2 posts tagged with "Backend" | System Design Learning

Adaptive Traffic Management in Airbnb's Key‑Value Store

December 10, 2025 · 4 min read

Maintainer

Overview

Mussel, a multi‑tenant key‑value store used by Airbnb evolved from static rate limiting to an adaptive, layered traffic‑management system to handle volatile workloads.

Problems with Static Rate Limiting

Static QPS‑based quotas caused issues:

Cost variance across requests
- It will treat 1 row scan and 1000 row scan as same always
Hot‑key and skew issues
Poor ability to adapt to traffic bursts

Key Improvements made

In order to make Adaptive Traffic Management some changes are done.

1. Resource‑Aware Rate Control (RARC)

Introduces Request Units (RU) based on rows, bytes, and latency
Token bucket at each dispatcher with certain rate of RU filling
Expensive operations cost more RU

2. Load Shedding with Criticality Tiers

Monitors real‑time latency ratios
Dynamic request penalization

Latency Ratio

Each dispatcher computes a latency ratio, defined as:

latency ratio = long-term p95 latency / short-term p95 latency

A healthy system has a ratio ≈ 1.0
A drop toward 0.3 indicates latency is rising quickly
When the ratio crosses the threshold:
- The dispatcher temporarily increases RU cost for certain client classes
- Their token buckets drain faster → they automatically back off
- If the ratio falls further, penalties expand to more classes until latency normalize.

The Control-Delay (CoDel) inspired Queue policy

The CoDel thread pool tackles the second hazard:
- queue buildup inside the dispatcher itself.
It monitors the time a request waits in the queue. If that sojourn time proves the system is already saturated, the request fails early, freeing up memory and threads for higher-priority work.
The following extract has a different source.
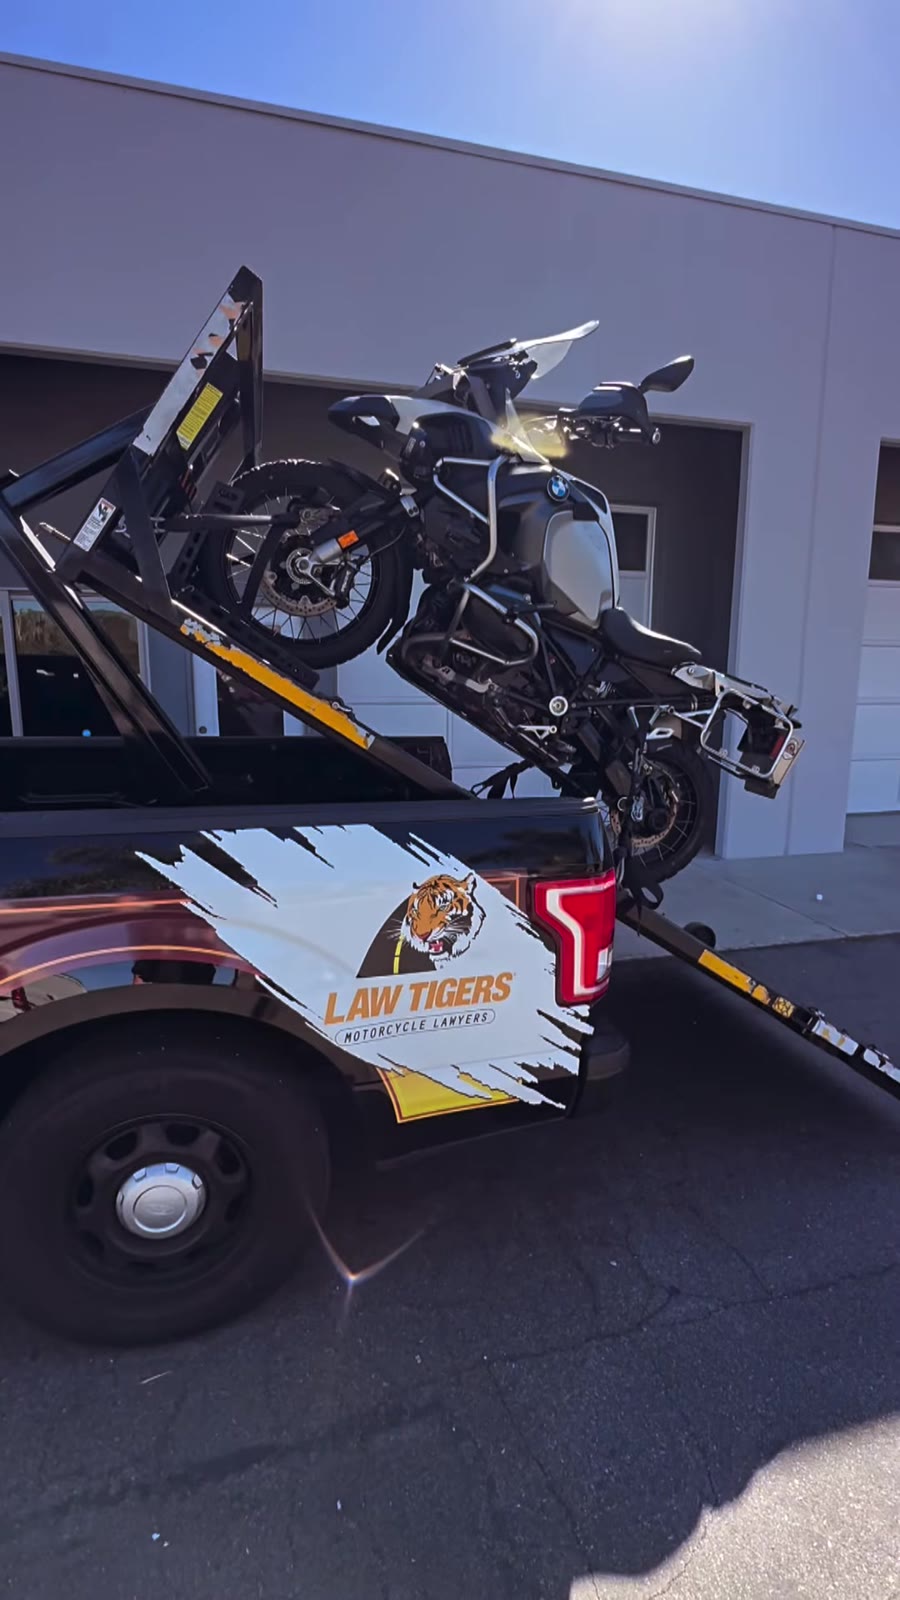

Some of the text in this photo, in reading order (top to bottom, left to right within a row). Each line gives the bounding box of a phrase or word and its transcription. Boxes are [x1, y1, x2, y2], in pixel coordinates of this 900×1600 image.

[324, 972, 513, 1025] LAW TIGERS
[344, 1012, 489, 1043] MOTORCYCLE LAWYERS
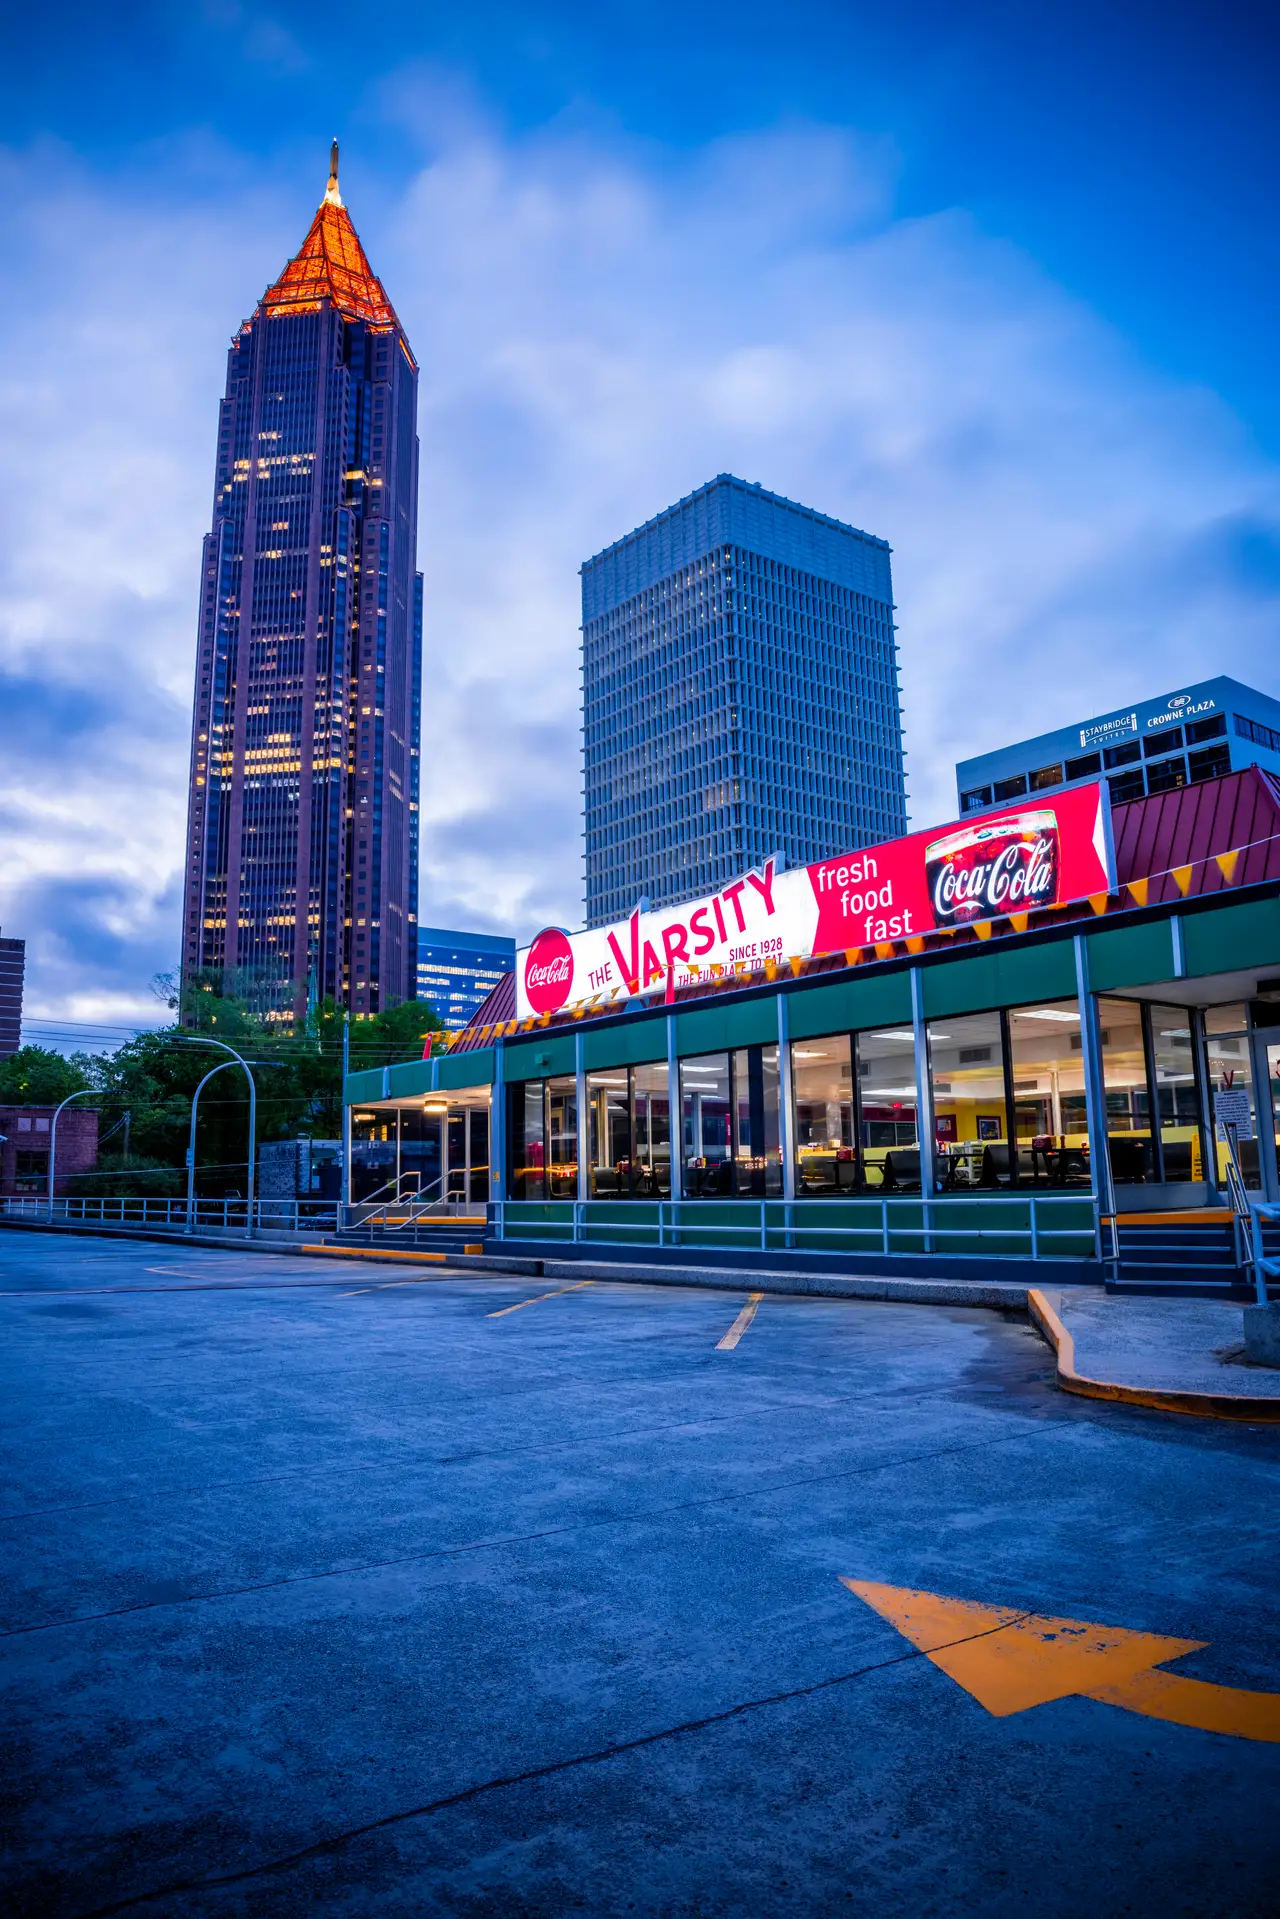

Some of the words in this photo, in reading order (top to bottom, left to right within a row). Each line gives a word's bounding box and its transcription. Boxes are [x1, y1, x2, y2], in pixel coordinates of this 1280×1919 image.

3. Hot‑Key Detection & DDoS Mitigation

Space‑Saving algorithm to track hot keys

Every dispatcher streams incoming keys into an in-memory top-k counter.
In just a few megabytes, it tracks approximate hit counts, maintains a frequency-ordered heap, and surfaces the hottest keys in real time in each individual dispatcher.
Algo used not read much in details.

Local LRU cache and request coalescing

When a key crosses the hot threshold, the dispatcher serves it from a process-local LRU cache.
Entries expire after roughly three seconds, so they vanish as soon as demand cools; no global cache is required.
A cache miss can still arrive multiple times in the same millisecond, so the dispatcher tracks in-flight reads for hot keys.
New arrivals attach to the pending future; the first backend response then fans out to all waiters.
In most cases only one request per hot key per dispatcher pod ever reaches the storage layer.

Key Takeaways

Measure real cost, not request count
Keep control loops local (single node)
- local cache
- codel queue
Continuous tuning needed as workloads evolve

Context : Resource unit (RU) calculation working and Load Shedding

Our Key-Value Store must decide whether to allow or throttle a request before the database executes it.
Since actual cost (rows, bytes, latency) is only known afterward, Mussel uses a predictive cost model.
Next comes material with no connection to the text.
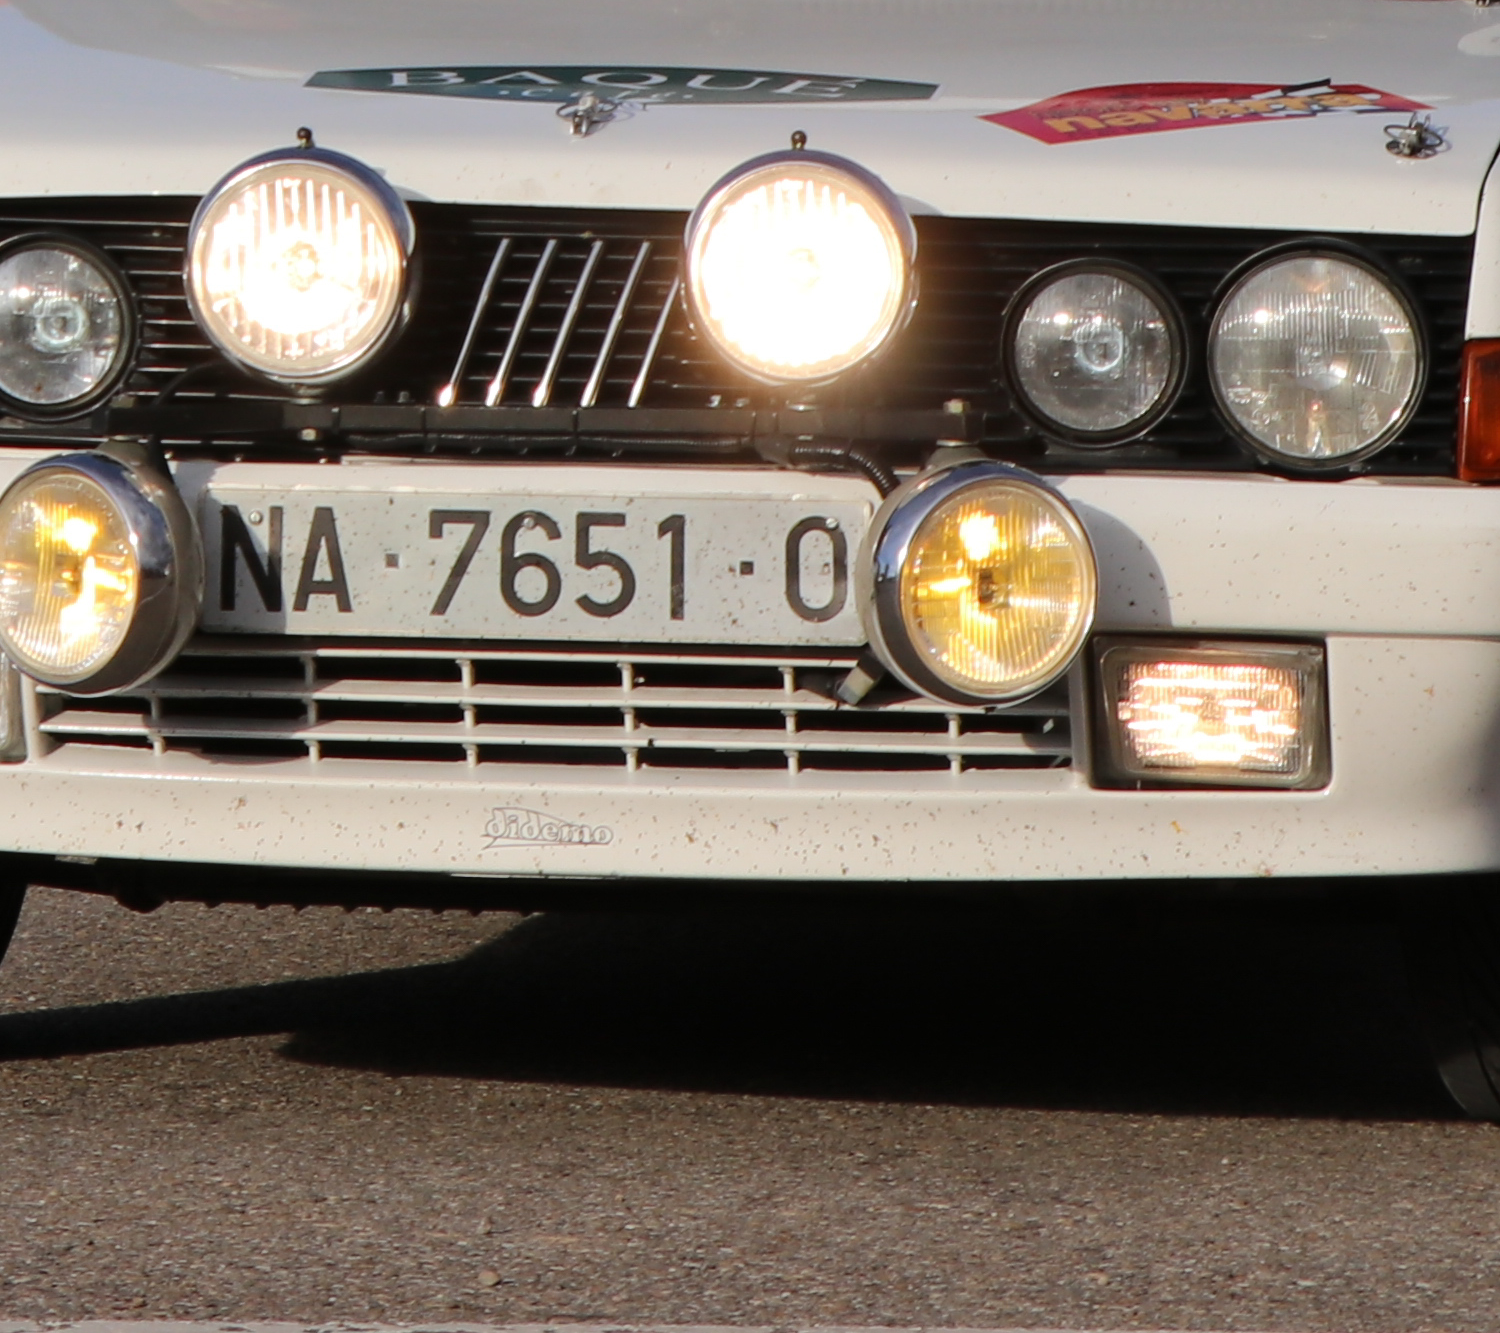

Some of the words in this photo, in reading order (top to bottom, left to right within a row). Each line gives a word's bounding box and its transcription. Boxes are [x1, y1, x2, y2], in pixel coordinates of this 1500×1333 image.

[1044, 93, 1376, 133] navarra
[220, 504, 353, 613] NA
[428, 509, 686, 621] 7651
RU is Estimated Using Request Shape

Before execution, the dispatcher knows:

Number of keys requested based on output schema requested
Query type (point lookup, multi-get, range scan)
body size for writes
Estimated number of rows based on key ranges
Request payload size

This metadata allows an upper-bound estimate of resource cost.
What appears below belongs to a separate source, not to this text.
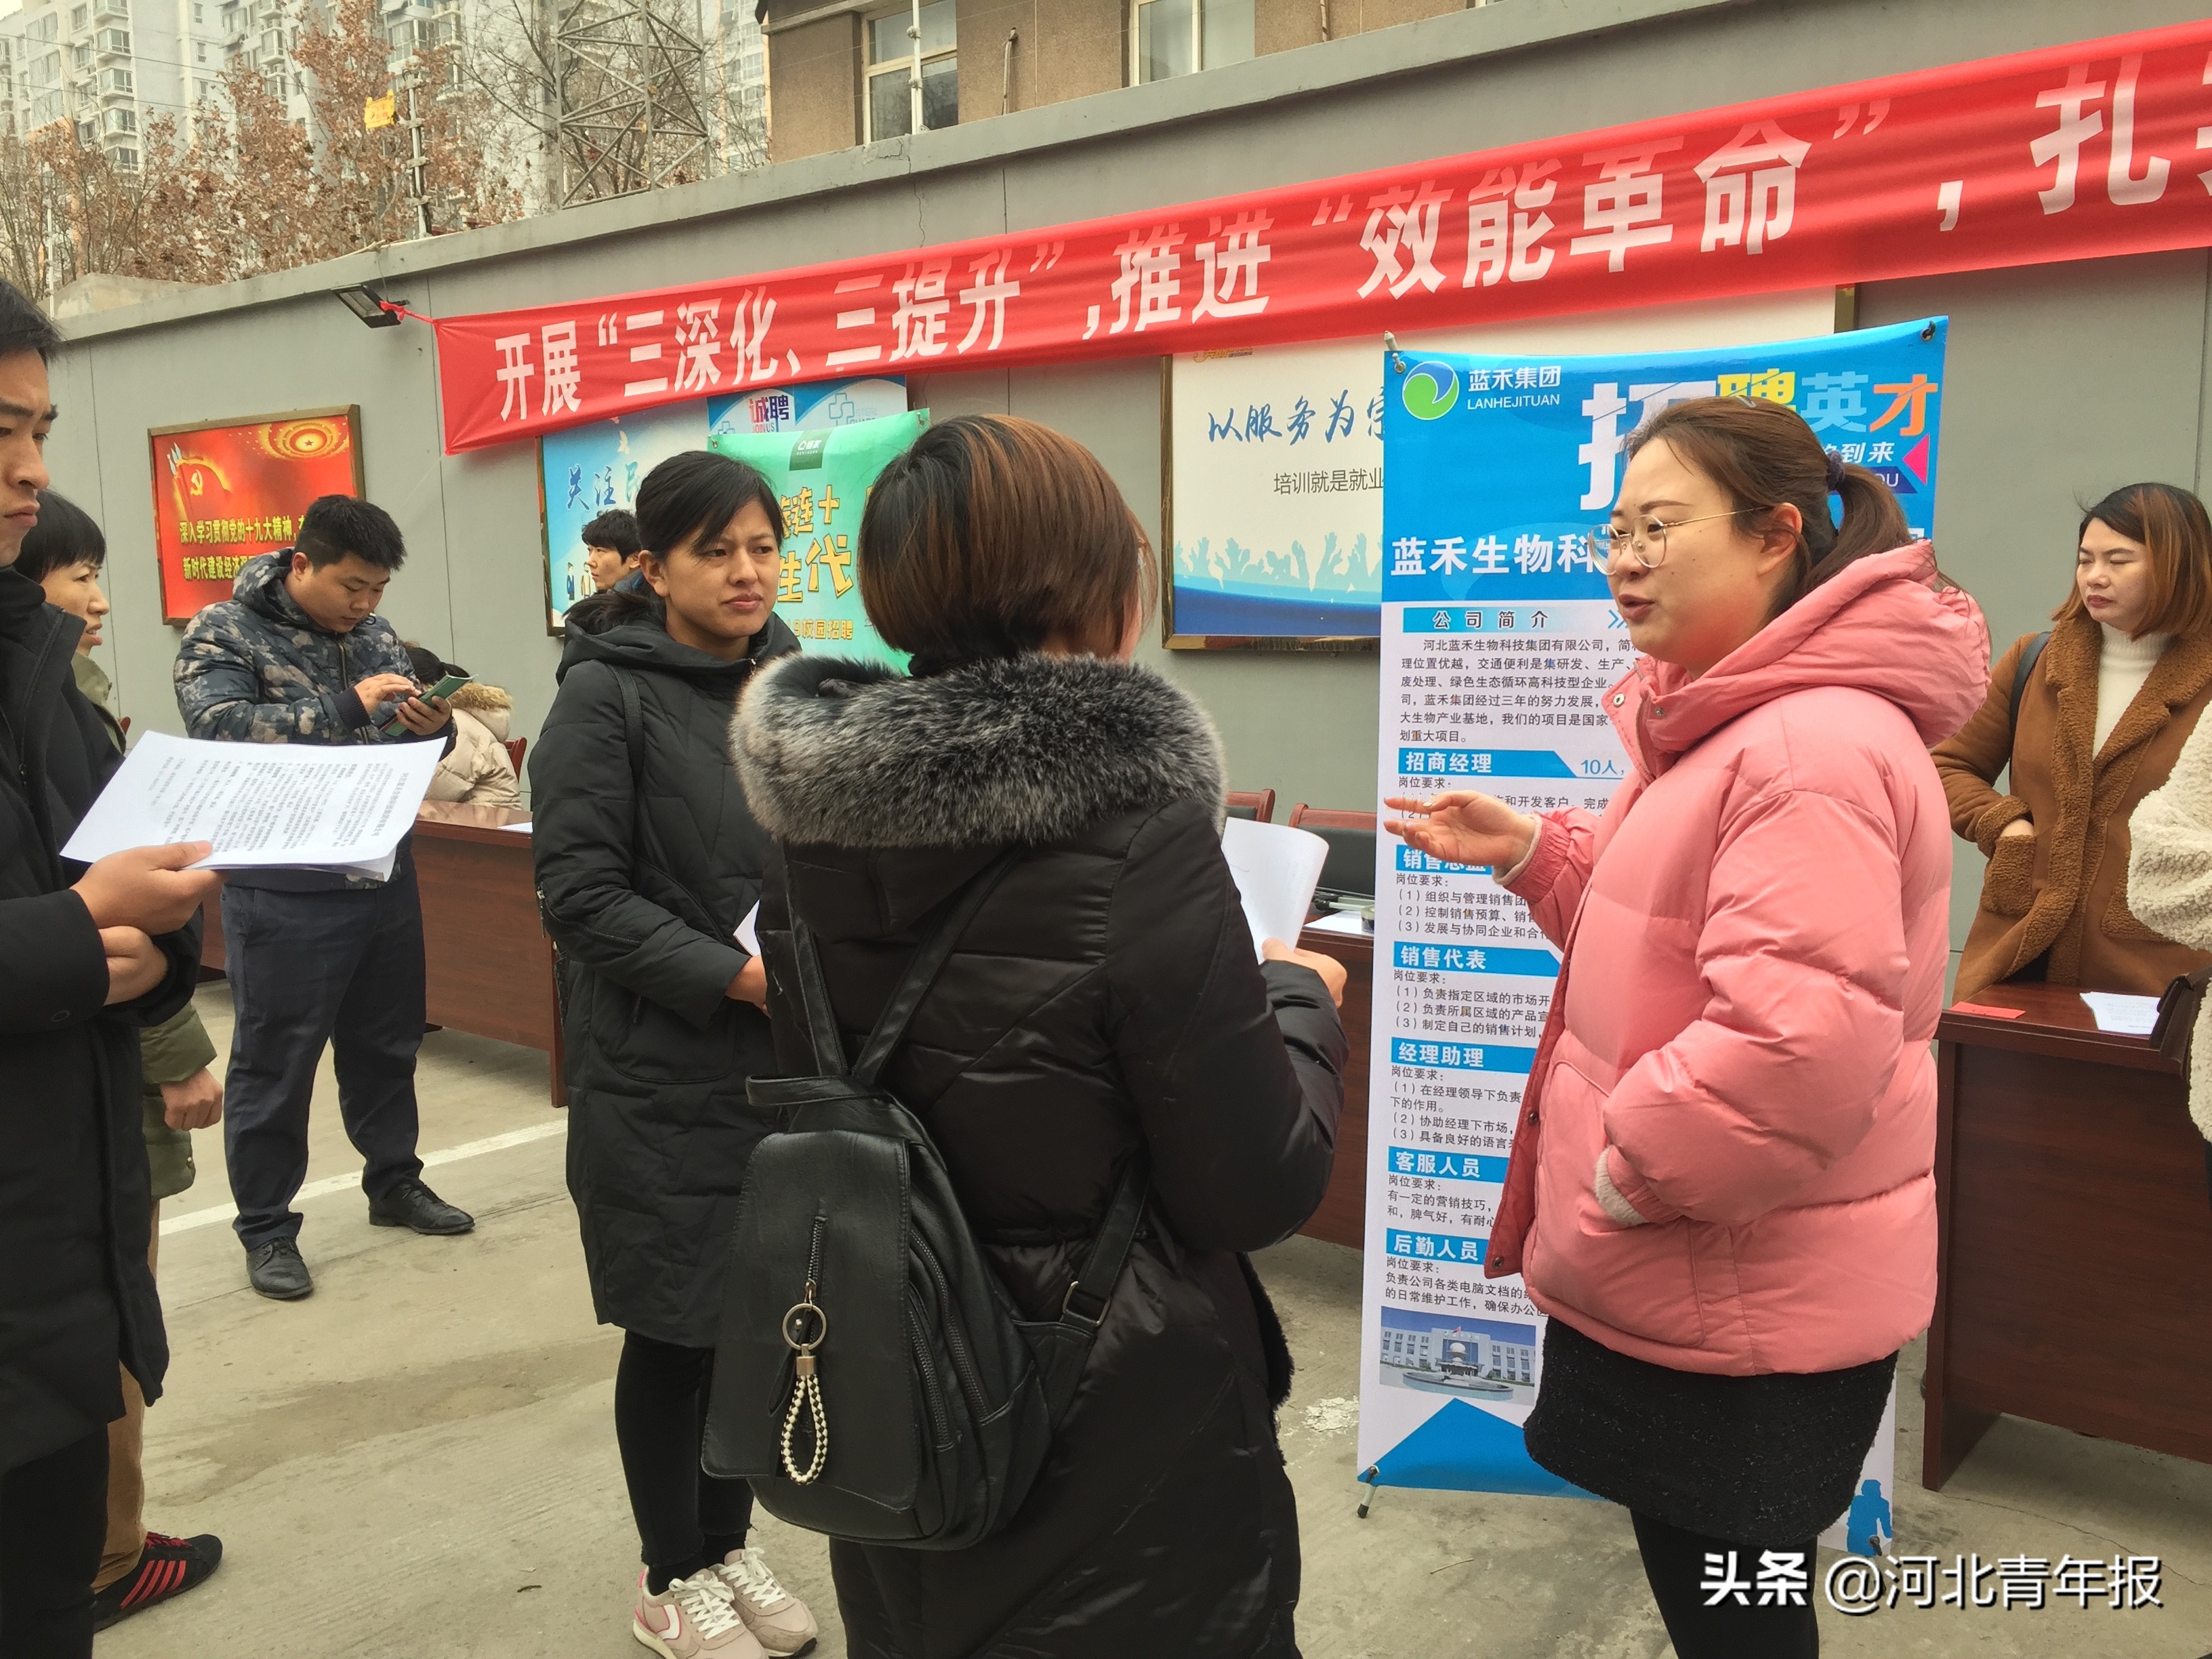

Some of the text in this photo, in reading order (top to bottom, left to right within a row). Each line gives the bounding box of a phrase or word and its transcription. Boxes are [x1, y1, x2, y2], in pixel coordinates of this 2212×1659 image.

A Simple formula could be like

RU = α * estimated_rows + β * request_bytes + γ * expected_latency_factor;

Where:

α, β, γ are constants tuned using historical profiling & benchmarks
expected_latency_factor comes from past p95 for similar queries
estimated_rows comes from the query shape (range start/end)

So even before execution, the system can compute an estimated RU charge.

After DB runs the query, they sometimes adjust RU (but async)

The backend shard knows:

exact rows scanned
actual bytes read
actual CPU/latency

But they do NOT retro-adjust the user’s token bucket, because that would require cross-component coordination.

Instead:

backend reports metrics
system updates the cost model coefficients for future requests
So next time, the estimate becomes more accurate.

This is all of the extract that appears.